Segment Start: THE INPUT
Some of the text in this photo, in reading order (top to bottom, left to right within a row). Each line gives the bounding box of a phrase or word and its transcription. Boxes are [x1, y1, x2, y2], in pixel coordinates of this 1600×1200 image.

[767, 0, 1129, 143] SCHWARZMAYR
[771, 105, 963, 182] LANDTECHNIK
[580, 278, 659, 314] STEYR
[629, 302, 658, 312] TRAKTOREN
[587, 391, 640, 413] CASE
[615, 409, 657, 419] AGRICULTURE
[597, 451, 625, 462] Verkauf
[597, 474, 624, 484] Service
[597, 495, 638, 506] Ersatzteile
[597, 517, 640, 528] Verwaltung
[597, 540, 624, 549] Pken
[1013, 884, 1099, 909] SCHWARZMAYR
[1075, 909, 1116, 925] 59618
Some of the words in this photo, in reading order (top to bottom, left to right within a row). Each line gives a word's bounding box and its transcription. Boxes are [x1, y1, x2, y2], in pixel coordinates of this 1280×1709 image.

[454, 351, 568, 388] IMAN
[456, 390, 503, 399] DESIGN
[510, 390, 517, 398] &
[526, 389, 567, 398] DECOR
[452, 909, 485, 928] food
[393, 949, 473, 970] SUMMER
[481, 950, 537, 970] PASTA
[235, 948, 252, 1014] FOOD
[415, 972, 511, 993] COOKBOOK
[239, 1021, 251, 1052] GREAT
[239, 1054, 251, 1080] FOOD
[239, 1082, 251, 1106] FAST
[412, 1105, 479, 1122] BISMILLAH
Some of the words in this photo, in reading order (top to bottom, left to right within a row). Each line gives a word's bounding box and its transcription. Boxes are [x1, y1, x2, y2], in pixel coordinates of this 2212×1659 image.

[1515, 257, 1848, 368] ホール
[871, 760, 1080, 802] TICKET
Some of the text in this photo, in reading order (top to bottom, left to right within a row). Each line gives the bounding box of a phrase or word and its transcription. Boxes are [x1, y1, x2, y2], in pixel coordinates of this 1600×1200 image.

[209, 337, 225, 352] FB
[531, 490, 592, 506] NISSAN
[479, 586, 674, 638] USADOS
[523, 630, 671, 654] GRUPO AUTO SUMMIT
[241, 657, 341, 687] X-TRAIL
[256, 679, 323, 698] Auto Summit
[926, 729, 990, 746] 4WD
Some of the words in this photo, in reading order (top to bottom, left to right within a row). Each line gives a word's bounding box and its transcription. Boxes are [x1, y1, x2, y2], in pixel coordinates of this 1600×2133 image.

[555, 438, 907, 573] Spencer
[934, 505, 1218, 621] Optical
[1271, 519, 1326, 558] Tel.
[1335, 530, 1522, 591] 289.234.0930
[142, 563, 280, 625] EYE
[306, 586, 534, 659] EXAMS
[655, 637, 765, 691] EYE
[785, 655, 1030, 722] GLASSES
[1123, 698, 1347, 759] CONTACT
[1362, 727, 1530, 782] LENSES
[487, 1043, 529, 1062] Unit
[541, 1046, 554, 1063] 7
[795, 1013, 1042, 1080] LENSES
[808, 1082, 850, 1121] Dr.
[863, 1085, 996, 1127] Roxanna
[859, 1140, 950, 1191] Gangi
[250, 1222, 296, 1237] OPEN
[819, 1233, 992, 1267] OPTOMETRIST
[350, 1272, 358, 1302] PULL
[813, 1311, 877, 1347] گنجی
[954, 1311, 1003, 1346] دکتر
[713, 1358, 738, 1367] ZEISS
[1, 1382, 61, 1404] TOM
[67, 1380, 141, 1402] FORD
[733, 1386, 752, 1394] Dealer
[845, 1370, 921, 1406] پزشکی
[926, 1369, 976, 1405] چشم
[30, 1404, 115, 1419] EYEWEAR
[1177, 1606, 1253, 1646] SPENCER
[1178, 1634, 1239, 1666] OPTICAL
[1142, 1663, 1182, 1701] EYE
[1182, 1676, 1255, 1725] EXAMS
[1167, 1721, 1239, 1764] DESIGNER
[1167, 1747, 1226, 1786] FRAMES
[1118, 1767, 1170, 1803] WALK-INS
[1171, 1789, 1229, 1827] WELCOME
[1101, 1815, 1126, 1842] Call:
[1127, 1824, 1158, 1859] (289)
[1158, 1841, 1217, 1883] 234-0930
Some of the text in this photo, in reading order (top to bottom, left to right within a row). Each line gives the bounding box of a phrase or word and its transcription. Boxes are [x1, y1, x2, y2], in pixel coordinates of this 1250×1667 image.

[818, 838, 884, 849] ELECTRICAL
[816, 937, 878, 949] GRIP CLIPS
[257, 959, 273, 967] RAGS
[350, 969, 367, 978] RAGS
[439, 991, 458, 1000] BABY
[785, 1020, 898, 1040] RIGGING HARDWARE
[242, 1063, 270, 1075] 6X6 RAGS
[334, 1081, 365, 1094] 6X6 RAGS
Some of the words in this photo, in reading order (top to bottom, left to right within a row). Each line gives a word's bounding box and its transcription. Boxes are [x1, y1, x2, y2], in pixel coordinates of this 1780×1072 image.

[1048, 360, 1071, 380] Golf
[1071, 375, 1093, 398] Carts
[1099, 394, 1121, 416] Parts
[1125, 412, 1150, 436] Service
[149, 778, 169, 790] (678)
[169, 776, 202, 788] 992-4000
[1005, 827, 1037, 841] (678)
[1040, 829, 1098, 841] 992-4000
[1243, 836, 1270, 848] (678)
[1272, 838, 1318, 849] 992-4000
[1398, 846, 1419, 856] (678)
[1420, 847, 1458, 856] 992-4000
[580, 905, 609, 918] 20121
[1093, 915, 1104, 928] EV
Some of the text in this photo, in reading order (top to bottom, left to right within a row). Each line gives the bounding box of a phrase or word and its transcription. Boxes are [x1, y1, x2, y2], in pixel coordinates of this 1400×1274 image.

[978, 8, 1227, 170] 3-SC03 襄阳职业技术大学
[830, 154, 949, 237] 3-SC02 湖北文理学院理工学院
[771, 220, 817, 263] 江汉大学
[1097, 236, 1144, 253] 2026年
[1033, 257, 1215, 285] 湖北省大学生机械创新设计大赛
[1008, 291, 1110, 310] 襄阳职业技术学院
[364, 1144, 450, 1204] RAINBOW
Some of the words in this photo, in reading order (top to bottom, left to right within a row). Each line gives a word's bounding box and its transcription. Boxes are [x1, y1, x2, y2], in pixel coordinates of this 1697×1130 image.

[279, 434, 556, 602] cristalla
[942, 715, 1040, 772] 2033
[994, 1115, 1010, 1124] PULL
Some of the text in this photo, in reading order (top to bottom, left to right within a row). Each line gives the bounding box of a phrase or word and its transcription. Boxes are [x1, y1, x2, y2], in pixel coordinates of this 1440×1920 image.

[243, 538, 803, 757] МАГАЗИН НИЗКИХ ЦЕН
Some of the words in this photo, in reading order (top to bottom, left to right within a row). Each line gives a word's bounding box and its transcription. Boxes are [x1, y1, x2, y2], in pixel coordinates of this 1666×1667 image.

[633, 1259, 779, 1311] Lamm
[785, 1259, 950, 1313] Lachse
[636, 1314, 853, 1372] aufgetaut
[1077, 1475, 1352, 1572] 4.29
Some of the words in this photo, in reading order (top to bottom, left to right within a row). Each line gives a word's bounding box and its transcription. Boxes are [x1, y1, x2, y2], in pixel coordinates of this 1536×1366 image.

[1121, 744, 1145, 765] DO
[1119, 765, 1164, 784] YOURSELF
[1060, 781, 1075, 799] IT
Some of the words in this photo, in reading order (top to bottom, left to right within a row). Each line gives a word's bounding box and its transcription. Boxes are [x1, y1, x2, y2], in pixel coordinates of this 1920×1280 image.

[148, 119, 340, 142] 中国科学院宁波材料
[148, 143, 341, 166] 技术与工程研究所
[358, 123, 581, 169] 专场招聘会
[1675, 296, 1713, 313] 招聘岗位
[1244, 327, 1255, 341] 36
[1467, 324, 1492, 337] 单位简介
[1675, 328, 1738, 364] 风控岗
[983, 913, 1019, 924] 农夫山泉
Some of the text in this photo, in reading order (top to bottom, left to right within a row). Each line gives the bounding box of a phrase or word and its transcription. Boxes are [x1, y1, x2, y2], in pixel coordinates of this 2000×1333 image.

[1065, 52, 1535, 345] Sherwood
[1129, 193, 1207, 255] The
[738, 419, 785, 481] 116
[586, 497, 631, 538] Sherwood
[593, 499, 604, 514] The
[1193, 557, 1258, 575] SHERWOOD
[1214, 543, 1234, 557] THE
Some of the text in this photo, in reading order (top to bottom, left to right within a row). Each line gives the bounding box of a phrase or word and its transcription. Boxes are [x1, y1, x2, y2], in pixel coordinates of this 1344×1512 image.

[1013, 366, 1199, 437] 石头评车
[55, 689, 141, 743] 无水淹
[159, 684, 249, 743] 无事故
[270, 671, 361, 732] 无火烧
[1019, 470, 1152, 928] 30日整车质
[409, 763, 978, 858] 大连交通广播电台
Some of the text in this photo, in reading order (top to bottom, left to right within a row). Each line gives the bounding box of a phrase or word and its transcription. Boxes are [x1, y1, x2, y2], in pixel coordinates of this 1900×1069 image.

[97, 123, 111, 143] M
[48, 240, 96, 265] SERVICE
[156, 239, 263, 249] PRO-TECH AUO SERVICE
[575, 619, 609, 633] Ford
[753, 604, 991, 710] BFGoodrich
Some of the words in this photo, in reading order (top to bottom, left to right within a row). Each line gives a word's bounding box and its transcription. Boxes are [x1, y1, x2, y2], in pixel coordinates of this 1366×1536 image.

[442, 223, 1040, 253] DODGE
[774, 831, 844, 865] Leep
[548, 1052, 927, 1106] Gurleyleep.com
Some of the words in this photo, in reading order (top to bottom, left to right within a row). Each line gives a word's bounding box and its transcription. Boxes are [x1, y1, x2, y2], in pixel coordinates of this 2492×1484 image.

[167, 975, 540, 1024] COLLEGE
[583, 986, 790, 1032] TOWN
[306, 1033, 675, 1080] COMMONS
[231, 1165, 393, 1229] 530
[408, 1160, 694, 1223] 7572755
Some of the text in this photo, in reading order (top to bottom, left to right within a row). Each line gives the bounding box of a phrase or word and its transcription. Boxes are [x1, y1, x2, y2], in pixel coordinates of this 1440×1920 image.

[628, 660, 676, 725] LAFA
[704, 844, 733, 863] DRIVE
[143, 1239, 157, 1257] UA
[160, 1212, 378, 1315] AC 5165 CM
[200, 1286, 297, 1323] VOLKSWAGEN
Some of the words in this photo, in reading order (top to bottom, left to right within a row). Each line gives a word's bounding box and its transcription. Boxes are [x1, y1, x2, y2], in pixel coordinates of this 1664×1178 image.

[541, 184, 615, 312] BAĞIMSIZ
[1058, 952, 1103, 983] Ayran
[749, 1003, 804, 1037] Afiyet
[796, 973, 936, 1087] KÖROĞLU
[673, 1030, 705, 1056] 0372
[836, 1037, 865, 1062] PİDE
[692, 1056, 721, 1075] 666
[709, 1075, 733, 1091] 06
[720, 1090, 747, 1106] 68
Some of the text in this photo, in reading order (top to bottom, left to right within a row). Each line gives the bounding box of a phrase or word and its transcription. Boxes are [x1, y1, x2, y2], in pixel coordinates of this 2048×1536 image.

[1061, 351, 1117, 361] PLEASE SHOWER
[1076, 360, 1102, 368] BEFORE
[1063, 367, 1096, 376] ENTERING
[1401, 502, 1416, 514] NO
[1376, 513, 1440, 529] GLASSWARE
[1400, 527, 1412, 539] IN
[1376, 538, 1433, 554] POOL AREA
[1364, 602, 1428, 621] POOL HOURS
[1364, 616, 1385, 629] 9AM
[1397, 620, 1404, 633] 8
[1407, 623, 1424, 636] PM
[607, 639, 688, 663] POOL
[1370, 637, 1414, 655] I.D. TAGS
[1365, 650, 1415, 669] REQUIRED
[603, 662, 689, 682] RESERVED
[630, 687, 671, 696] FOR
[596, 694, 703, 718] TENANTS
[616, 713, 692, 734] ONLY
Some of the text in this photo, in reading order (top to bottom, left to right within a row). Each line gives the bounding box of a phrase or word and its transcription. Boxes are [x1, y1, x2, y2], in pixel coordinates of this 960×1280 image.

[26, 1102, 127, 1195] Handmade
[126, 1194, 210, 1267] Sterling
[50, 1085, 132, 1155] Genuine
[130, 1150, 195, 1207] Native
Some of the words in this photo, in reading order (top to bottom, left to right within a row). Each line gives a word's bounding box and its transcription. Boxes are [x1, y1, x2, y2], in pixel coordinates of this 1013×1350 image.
Segment End: THE INPUT
== WORK REQUIRED ==
Repeat exactly the lines of the records from the one containing "this 2048×1536 image." to the last, and include no line outside that stretch.

== ANSWER SECTION ==
Some of the text in this photo, in reading order (top to bottom, left to right within a row). Each line gives the bounding box of a phrase or word and its transcription. Boxes are [x1, y1, x2, y2], in pixel coordinates of this 2048×1536 image.

[1061, 351, 1117, 361] PLEASE SHOWER
[1076, 360, 1102, 368] BEFORE
[1063, 367, 1096, 376] ENTERING
[1401, 502, 1416, 514] NO
[1376, 513, 1440, 529] GLASSWARE
[1400, 527, 1412, 539] IN
[1376, 538, 1433, 554] POOL AREA
[1364, 602, 1428, 621] POOL HOURS
[1364, 616, 1385, 629] 9AM
[1397, 620, 1404, 633] 8
[1407, 623, 1424, 636] PM
[607, 639, 688, 663] POOL
[1370, 637, 1414, 655] I.D. TAGS
[1365, 650, 1415, 669] REQUIRED
[603, 662, 689, 682] RESERVED
[630, 687, 671, 696] FOR
[596, 694, 703, 718] TENANTS
[616, 713, 692, 734] ONLY
Some of the text in this photo, in reading order (top to bottom, left to right within a row). Each line gives the bounding box of a phrase or word and its transcription. Boxes are [x1, y1, x2, y2], in pixel coordinates of this 960×1280 image.

[26, 1102, 127, 1195] Handmade
[126, 1194, 210, 1267] Sterling
[50, 1085, 132, 1155] Genuine
[130, 1150, 195, 1207] Native
Some of the words in this photo, in reading order (top to bottom, left to right within a row). Each line gives a word's bounding box and its transcription. Boxes are [x1, y1, x2, y2], in pixel coordinates of this 1013×1350 image.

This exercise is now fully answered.